Data records:

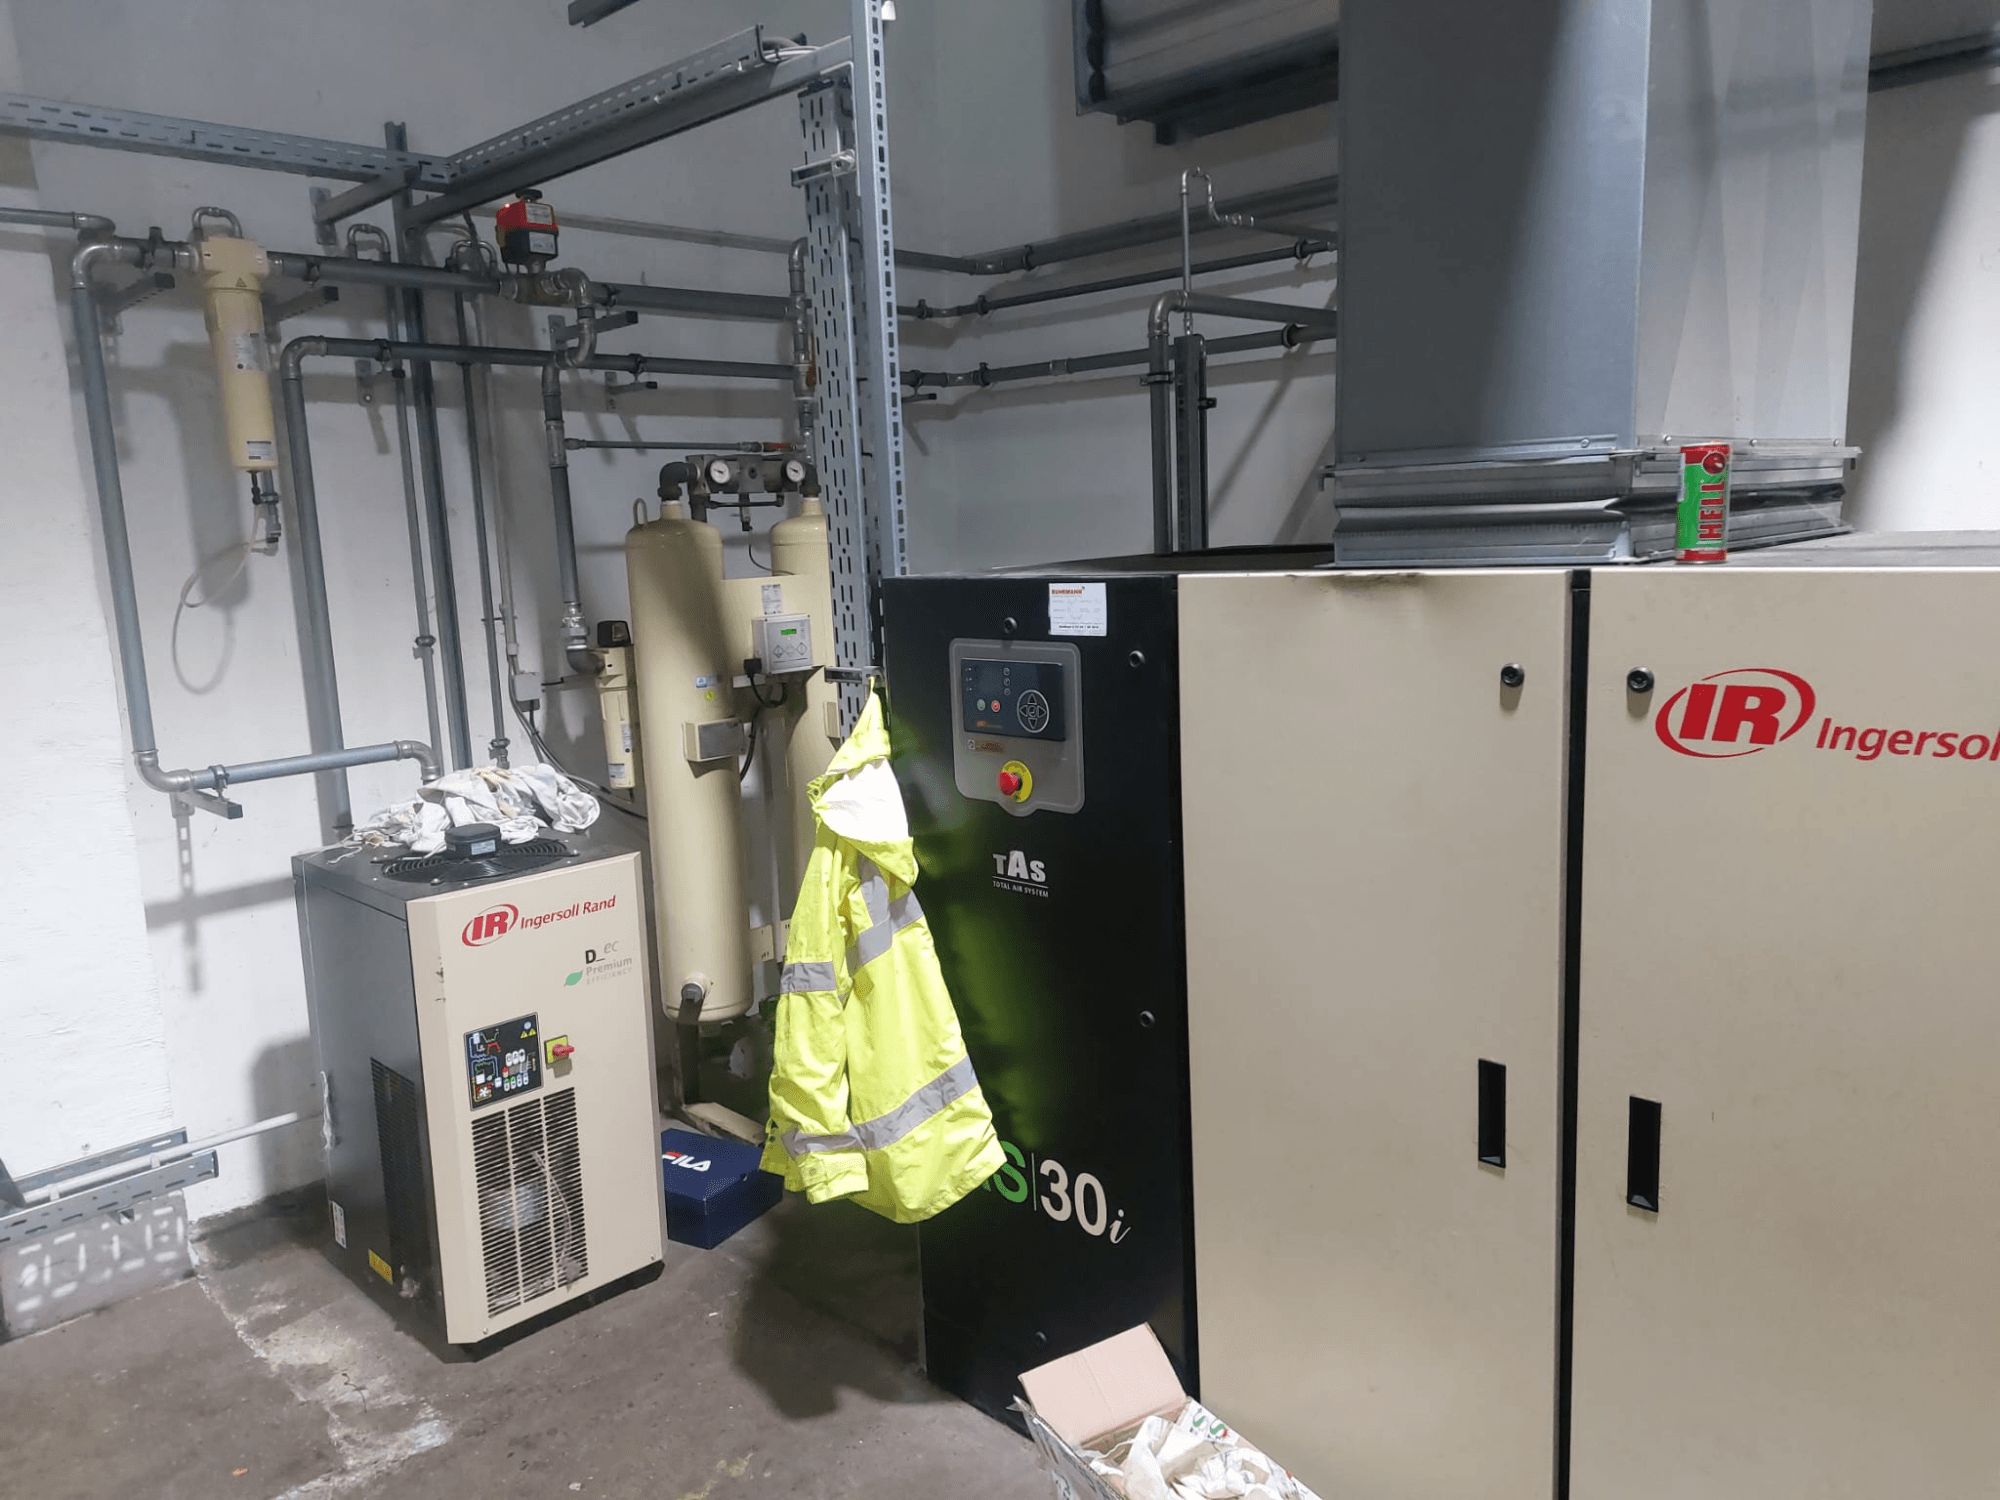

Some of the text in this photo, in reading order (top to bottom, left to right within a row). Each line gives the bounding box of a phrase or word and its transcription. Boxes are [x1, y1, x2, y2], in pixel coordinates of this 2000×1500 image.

[1698, 481, 1725, 540] HELL
[1679, 682, 2000, 761] IR Ingersol
[992, 880, 1049, 898] TOTAL AIR SYSTEM
[471, 894, 616, 941] IR Ingersoll Rand
[586, 957, 633, 977] Premium
[662, 1150, 712, 1171] FILA
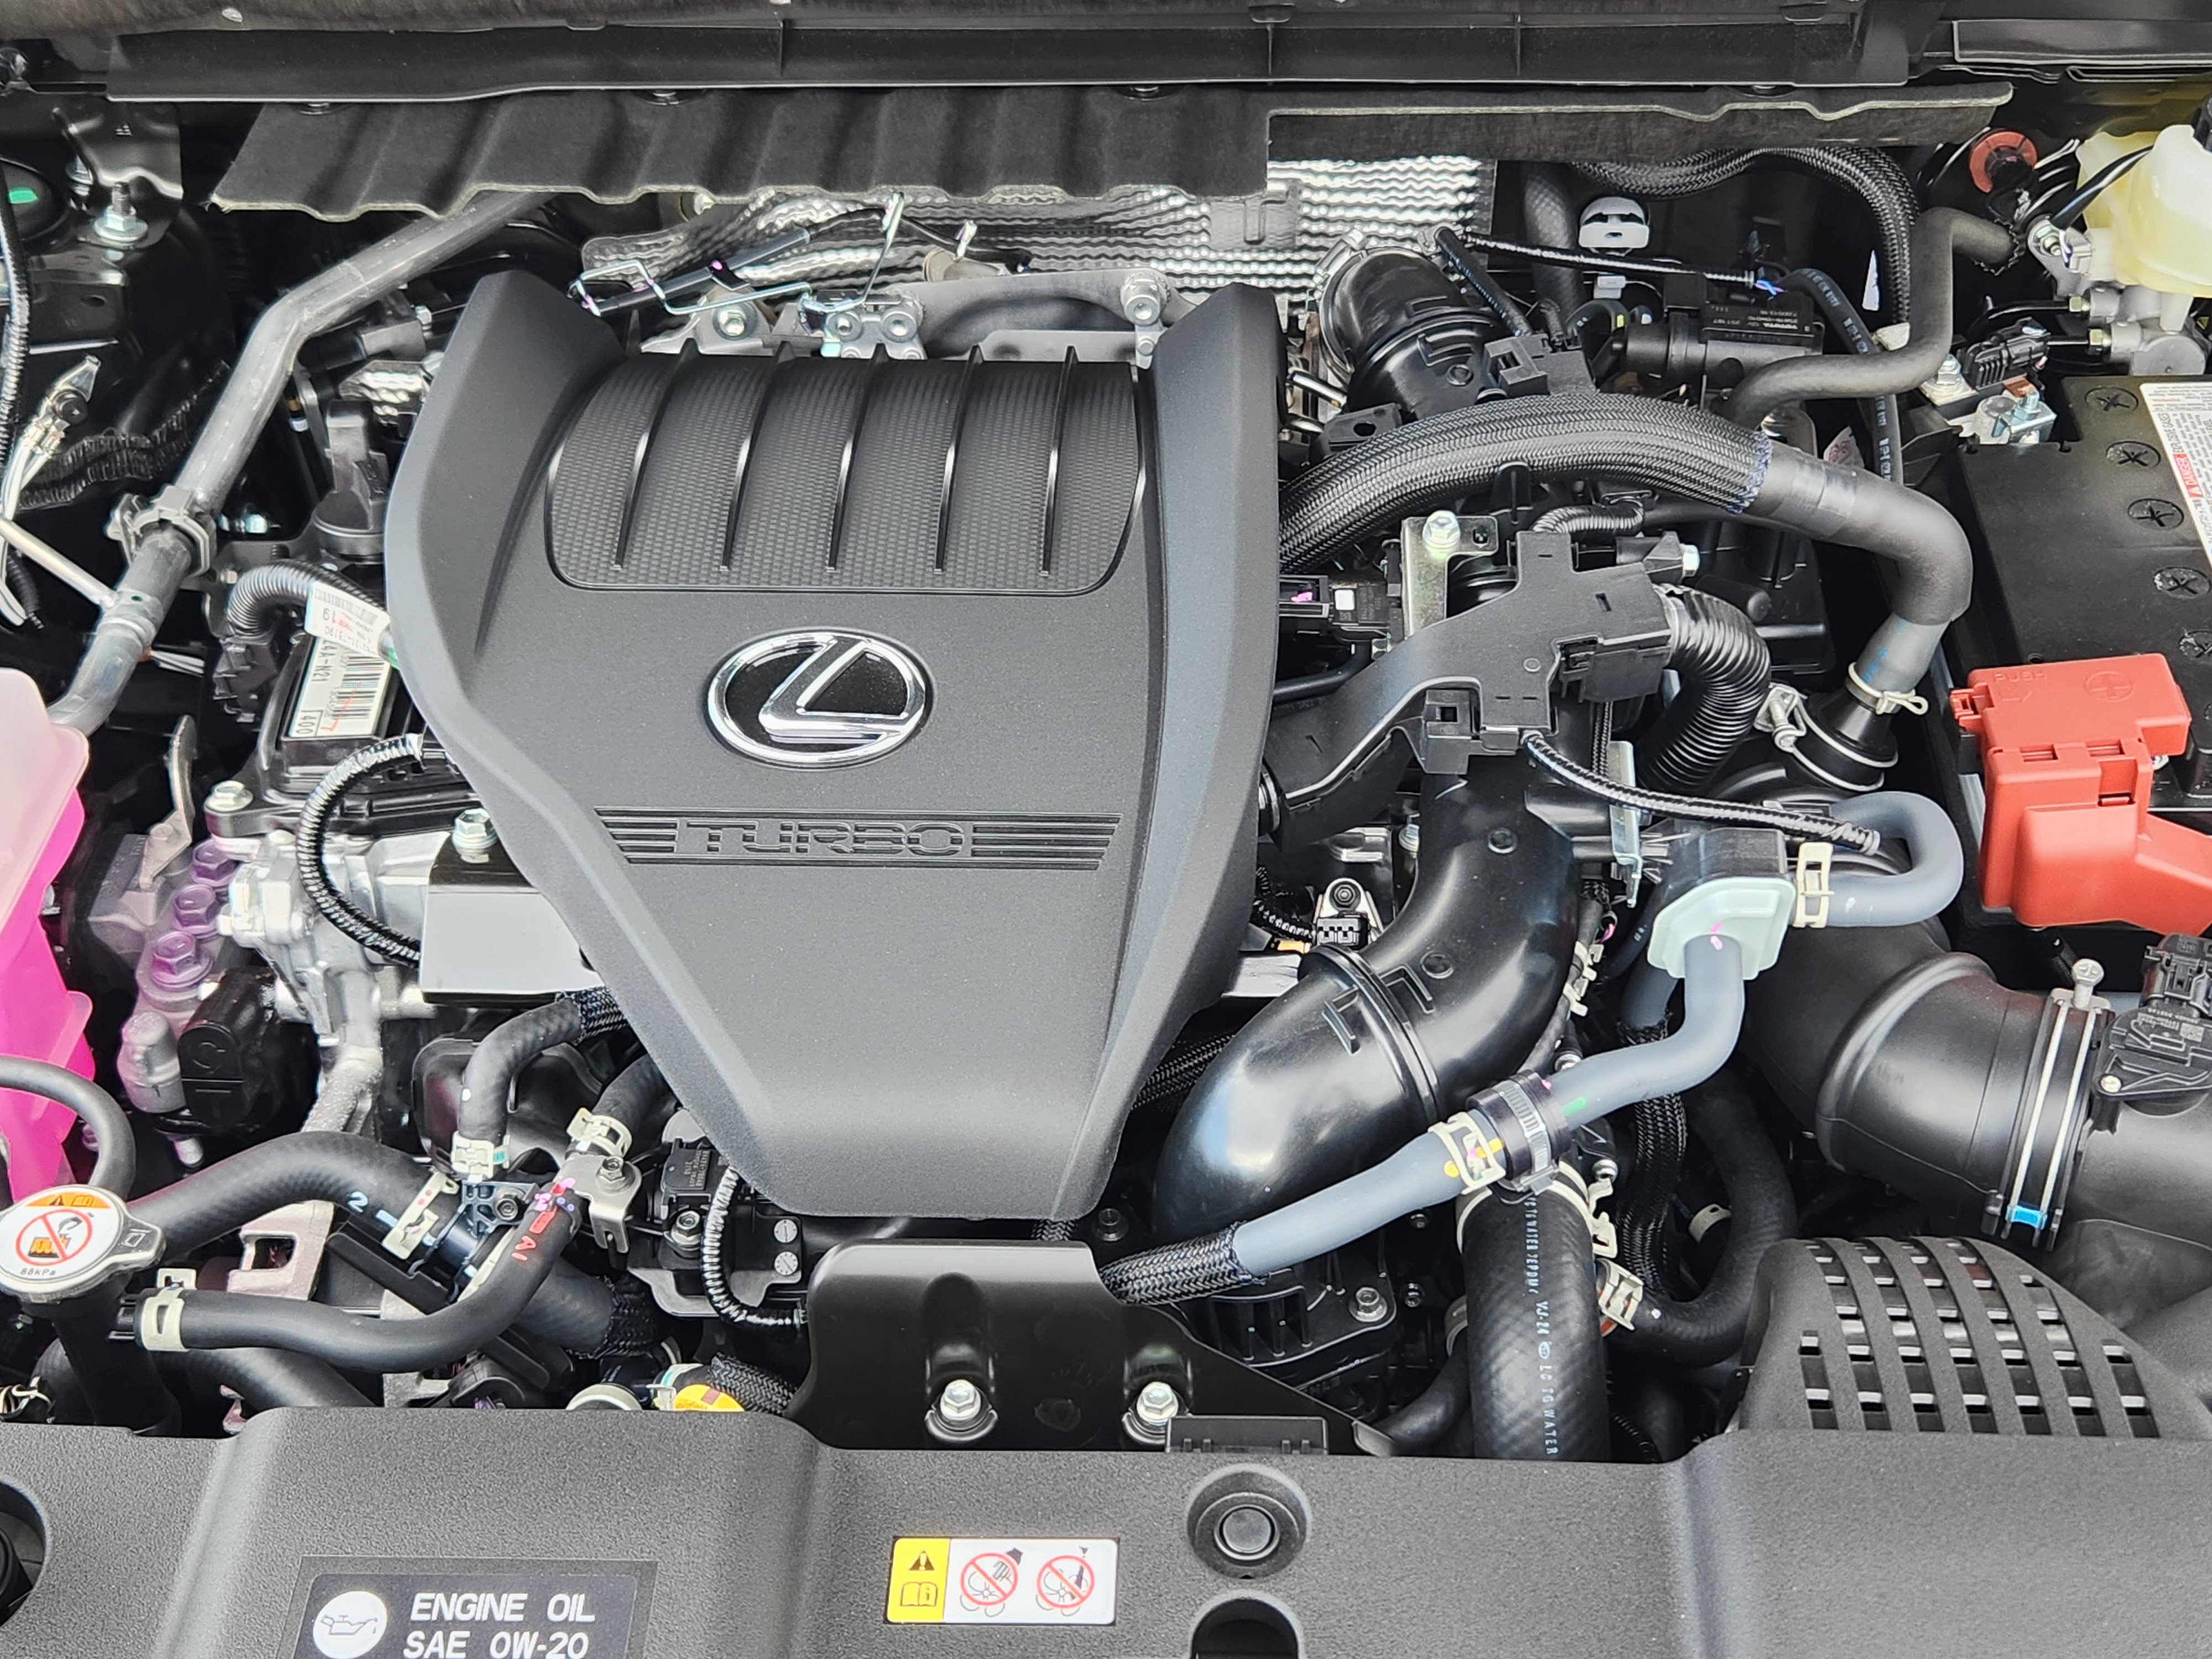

TASK INSTRUCTIONS: Since the pictures are not wanted, write out the rest of the data exactly as it reads.

ANSWER SPACE:
Some of the text in this photo, in reading order (top to bottom, left to right within a row). Each line gives the bounding box of a phrase or word and its transcription. Boxes are [x1, y1, x2, y2], in pixel coordinates of this 2000×1500 image.

[1698, 481, 1725, 540] HELL
[1679, 682, 2000, 761] IR Ingersol
[992, 880, 1049, 898] TOTAL AIR SYSTEM
[471, 894, 616, 941] IR Ingersoll Rand
[586, 957, 633, 977] Premium
[662, 1150, 712, 1171] FILA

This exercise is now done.